Israel has agreed in principle to return historical Russian church assets in Jerusalem that it bought from Soviet authorities in a mock deal 40 years ago, Russia's foreign minister said Thursday.

"Israel has tentatively given its consent to have the church of St. Sergius and the Russian Ecclesiastical Mission re-registered as Russian property, and particulars are now being discussed," Sergei Lavrov said.

The two buildings are part of Jerusalem's so-called Russian Compound, built in the final decades of Tsarist rule and partly sold to Israel by the Nikita Khrushchev government in 1964. Israel paid for the assets with a batch of citrus fruit in what went down in history as the "orange deal."

The premises of St. Sergius' church are currently occupied by Israel's Ministry of Agriculture and government agencies for environmental protection, whereas the Ecclesiastical Mission houses the Jerusalem Magistrate's Court.

Lavrov said that the matter had been under negotiation for some three years now and that Israel is finally showing the political will to hand the property back.

The minister spoke to reporters after a congress of the Imperial Orthodox Palestine Society, which was established by Emperor Alexander III in 1882 to facilitate Orthodox Christian pilgrimage to the Holy Land and to promote Palestinian studies and humanitarian cooperation with the peoples of the biblical region.

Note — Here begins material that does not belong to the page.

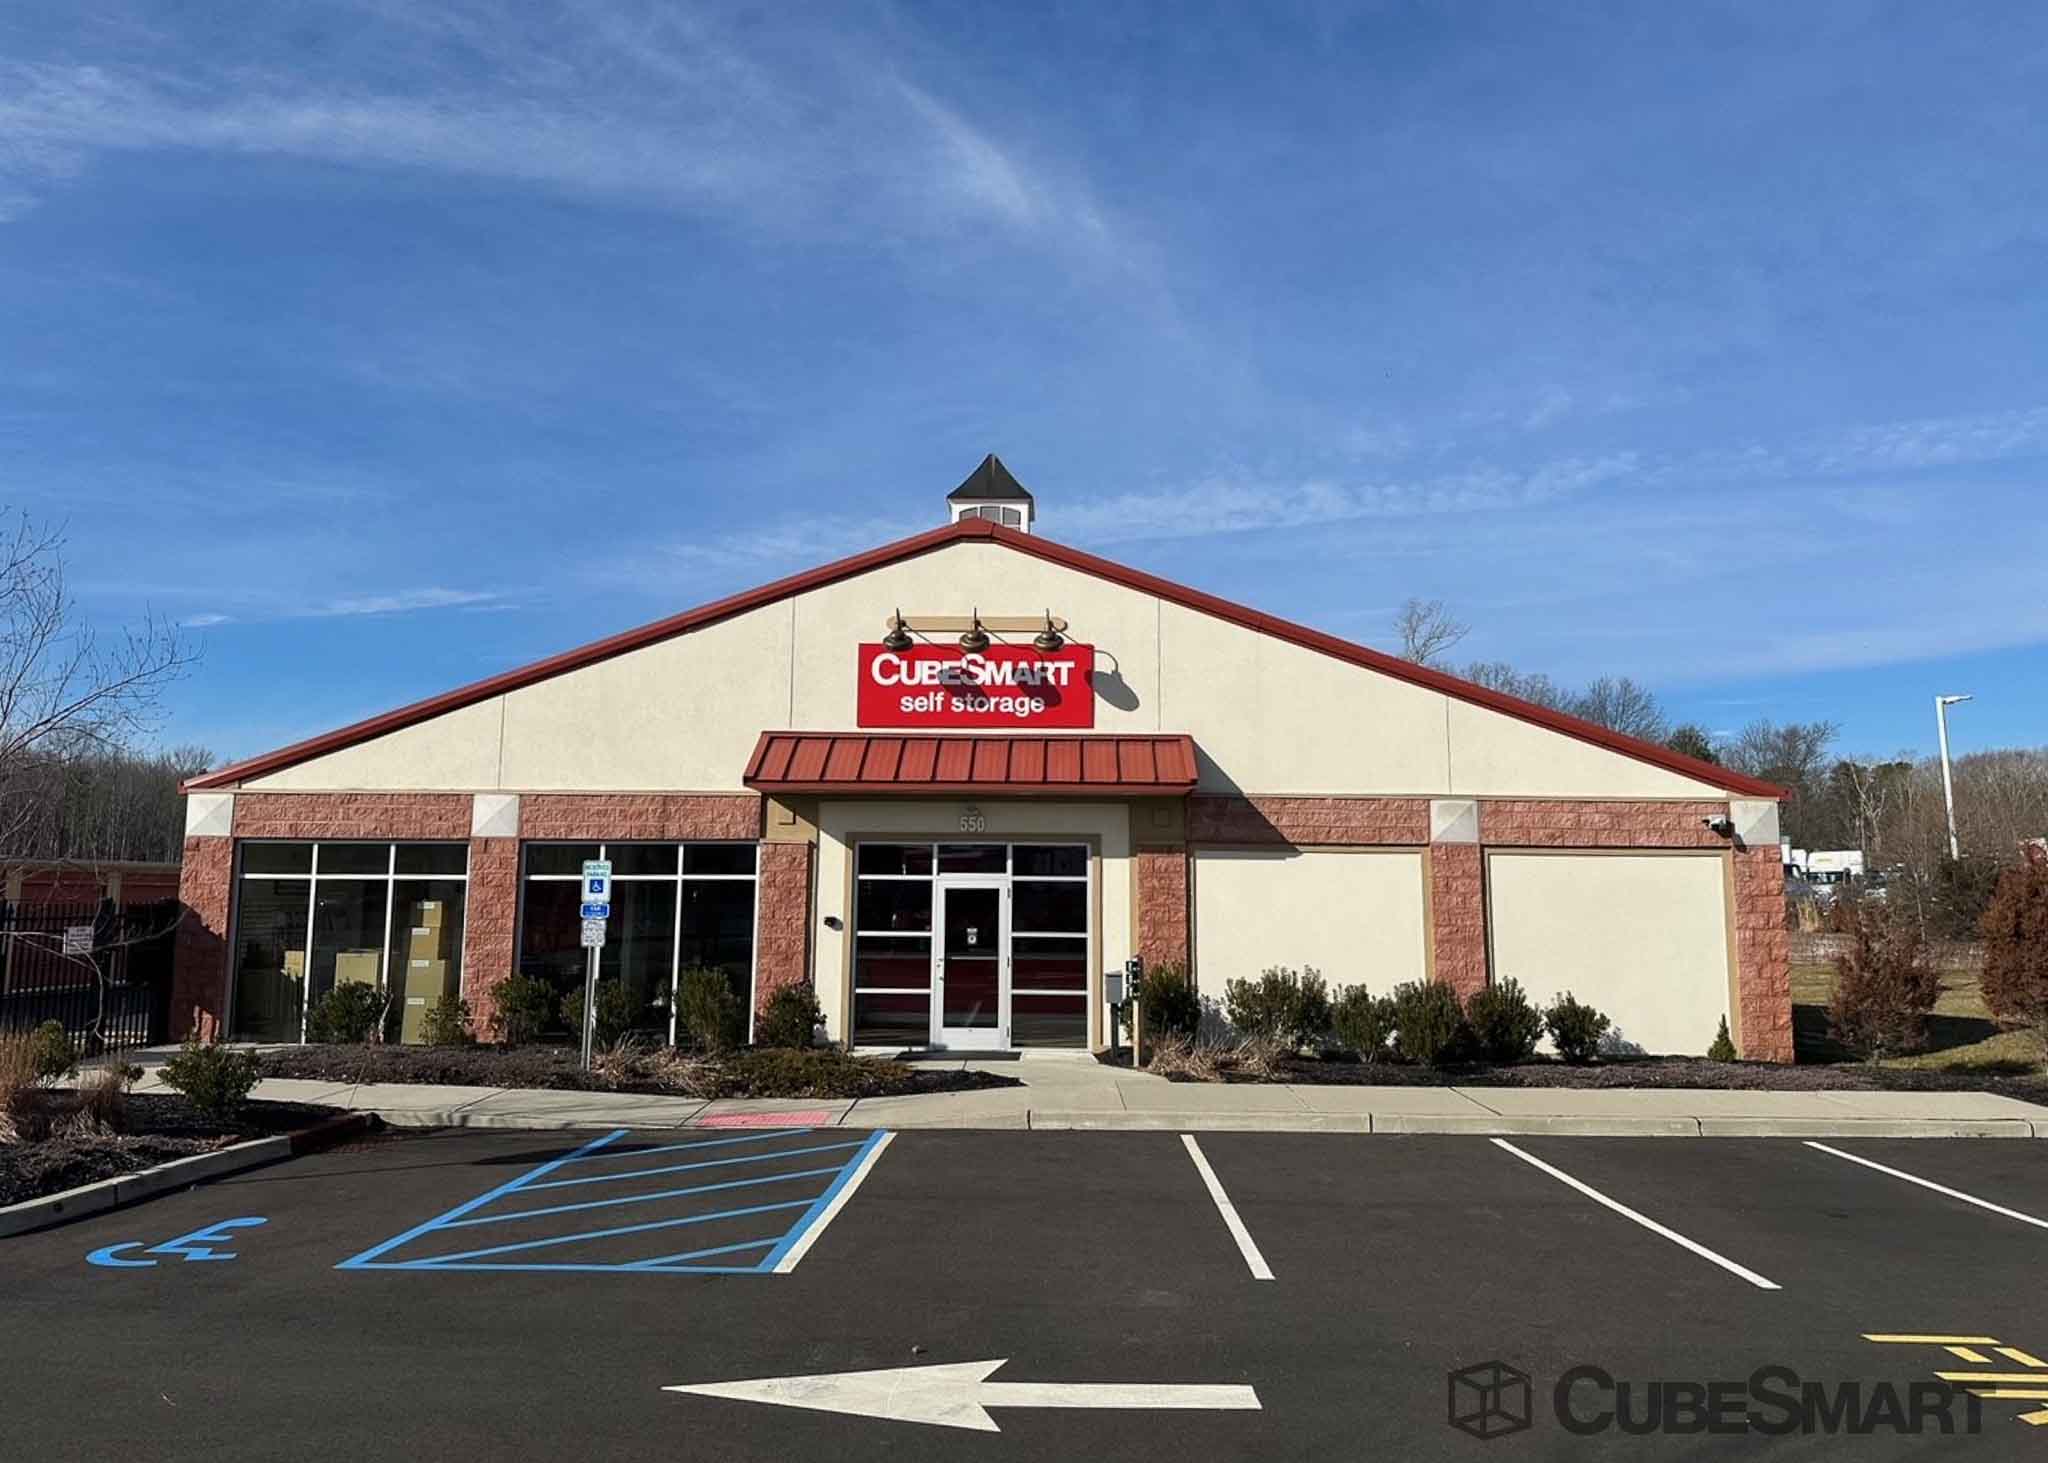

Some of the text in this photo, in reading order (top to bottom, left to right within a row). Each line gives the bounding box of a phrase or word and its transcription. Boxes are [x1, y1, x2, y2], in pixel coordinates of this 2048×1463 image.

[871, 653, 1075, 686] CUBESMART
[900, 691, 1045, 718] self storage

The society's newly elected chair, Auditing Chamber President Sergei Stepashin, said he would concentrate his efforts on recovering Russian property in the Holy Land while also working to promote Russian culture and the language in Palestinian-administered territories.

"We could make substantial progress this year toward solving the issue [of property return]," Stepashin said.

In the Soviet era, the society was restructured as part of the National Academy of Sciences. With all religious activity in the country suppressed in those years, it could no longer arrange pilgrimages to the Holy Land, and focused entirely on Palestine-related research, holding regular symposiums and publishing an almanac.